Section 1559 [16] states that on the basis of race, age, sex or disability, [17] “an individual shall not . . . be excluded from participation in, be denied the benefits of, or be subjected to discrimination under,” health programs or activities receiving Federal financial assistance. Perhaps ominously, however, this anti-discrimination language is preceded by “Except as otherwise provided for in this title (or an amendment made by this title) . . . .” That is why it is critical to apply the anti-discrimination language from the Comparative Effectiveness provisions to the indicated provisions in note 15.

NOTES

[1] At page 920

[2] Section 1003 creates a new Section 2794 of the Public Health Service Act (pp. 37-40).

[3] Ironically, Section 1311(e)(B)(ii) (p.143) retains the provision, added in the HELP committee, barring an exchange from excluding health plans “through the imposition of premium price controls.” Presumably the two provisions would be construed together to prevent the imposition of specific, explicit premium price control while allowing exclusion of insurers whose premiums the exchange deems to have a “pattern or practice” of being too high.

In addition, Section 1001, creating Section 2718(b) of the Public Health Service Act (pp. 31-32), mandates that group plans spend no more than 20%, and individual plans no more than 25% of their premium revenue on non-claims costs, limiting what can be used for administration, marketing, and profit. (The individual plan percentage may be increased in a state if the HHS Secretary determines that it would “destabilize” the individual market there.)

[4] Note: The Reid bill provides for encouraging minors in foster care to prepare advance directives- in the same manner as the house bill.

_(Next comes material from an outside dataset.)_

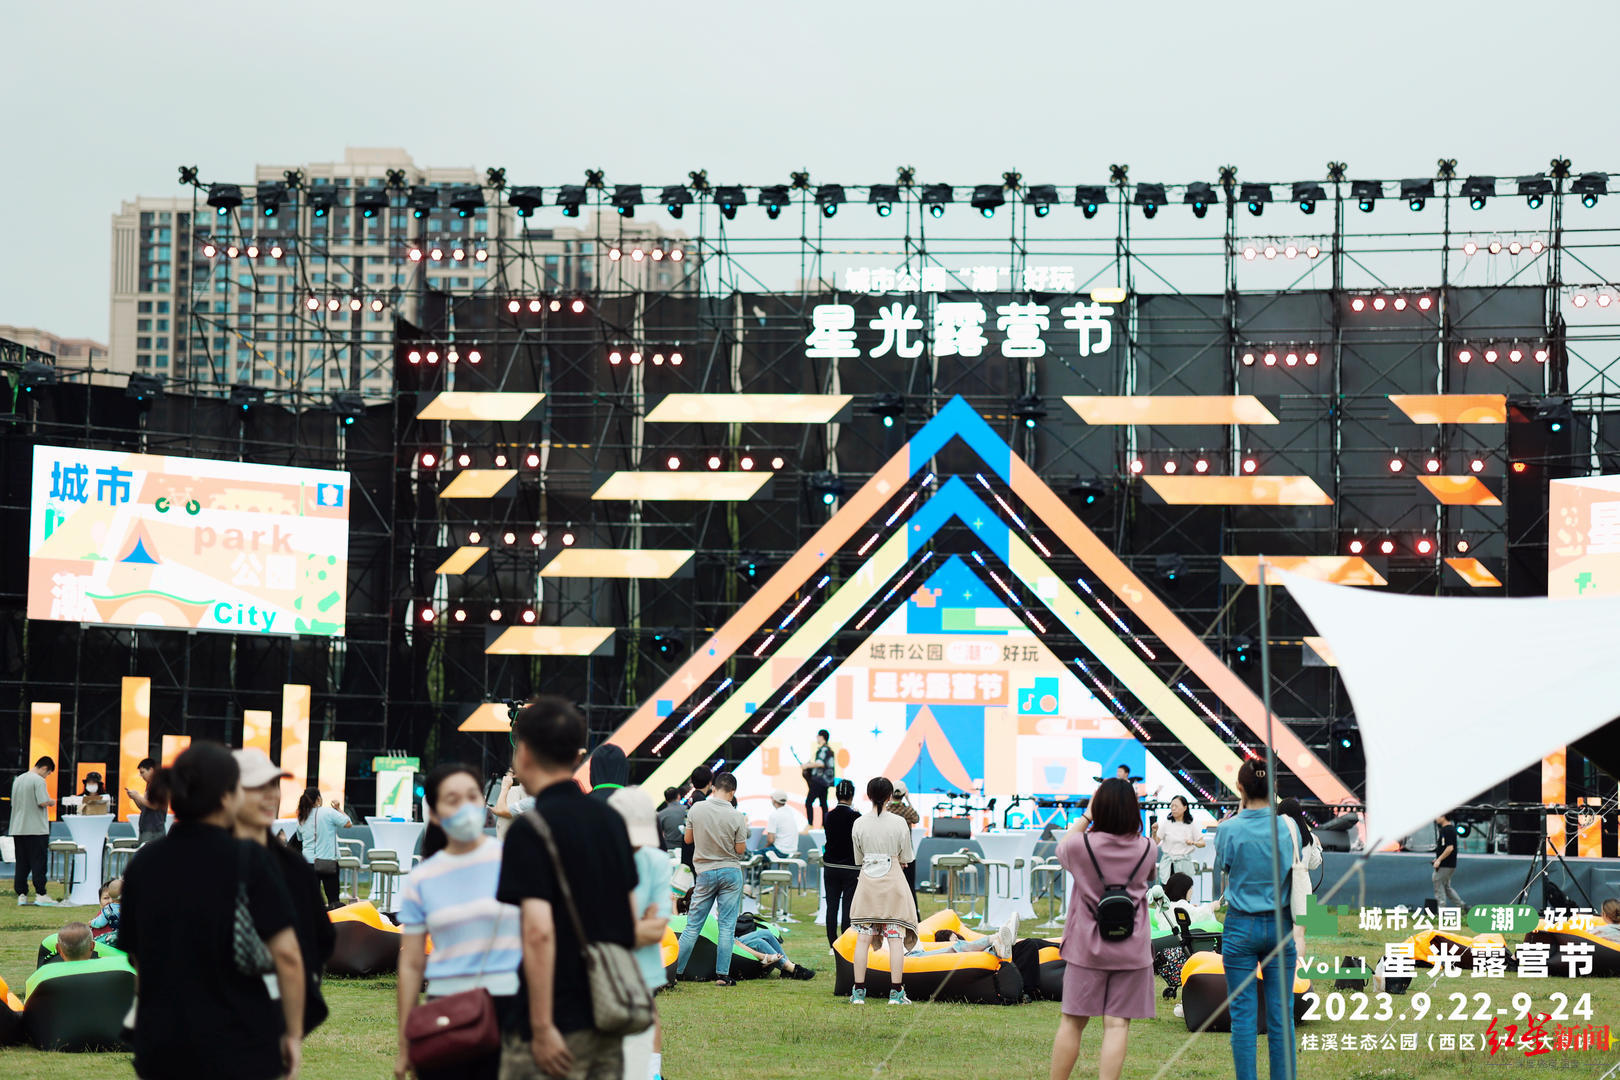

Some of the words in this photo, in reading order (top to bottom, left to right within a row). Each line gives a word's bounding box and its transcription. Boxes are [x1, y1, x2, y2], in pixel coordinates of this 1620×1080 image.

[5] Sec. 3506, pp. 1105 -13

[6] At p. 1108

[7] At p. 1110

[8] At p. 1110

[9] At p. 1109

[10] Section 3403, beginning on page 1000.

[11] Letter from Douglas Elmendorf, Director, Congressional Budget Office to Senate Majority Leader Harry Reid (November 18, 2009), p. 11.

[12]Section 1553, p. 364.

[13] 42 U.S.C. Sec. 14408.

[14] Section 6301( c) of the bill [adding Section 1182 ( c), (d) and (e)] to the Social Security Act), pp. 1685-87.

[15] Places in the Reid bill where anti-discrimination language would be necessary
(a) Those described in Section 1890(b)(7) (B)(i) of the Social Security Act; [p. 710]
(b) Any quality measure developed, and, in its improved, updated, or expanded form, any quality measure improved, updated, or expanded under subsection ( c) ; [pp. 703-707]
(c) Strategy under Section 1311(g)(1); [p. 146]
(d) Guidelines under Section 1311(g)(2); [p. 147]
(e) Regulations under Section 1311(h)(1)(B); [p. 148]
(f) The Secretarys application of recommendations under Section 1323(d)(3); [p. 193]
(g) Requirements developed under Section 2717(a) of title XXVII of the Public Health Service Act; [pp. 26-27]
(h) Measures under Section 3006(a)(2)(A) and (b)(2)(A); [pp. 676, 679]
(i) Appropriateness criteria under Section 1115A(b)(2)(B)(vi) of the Social Security Act; [p. 727]
(j) Guidelines under Section 1115A(b)(2)(B)(xii) of the Social Security Act; [p. 729]
(k) Best practices and proven care methods under Section 1115A(b)(2)(B)(xv) of the Social Security Act; and
(l) The measurement of patient-level outcomes and patient-centeredness criteria under Section 1115A(b)(4)(A) of the Social Security Act. [p. 734]

[16] At. p. 368

[17] Referencing the Civil Rights Act of 1964 (race), title IX of the Education Amendments of 1972 (sex), the Age Discrimination Act of 1975 (age), and section 504 of the Rehabilitation Act of1973 (disability) [“handicap”].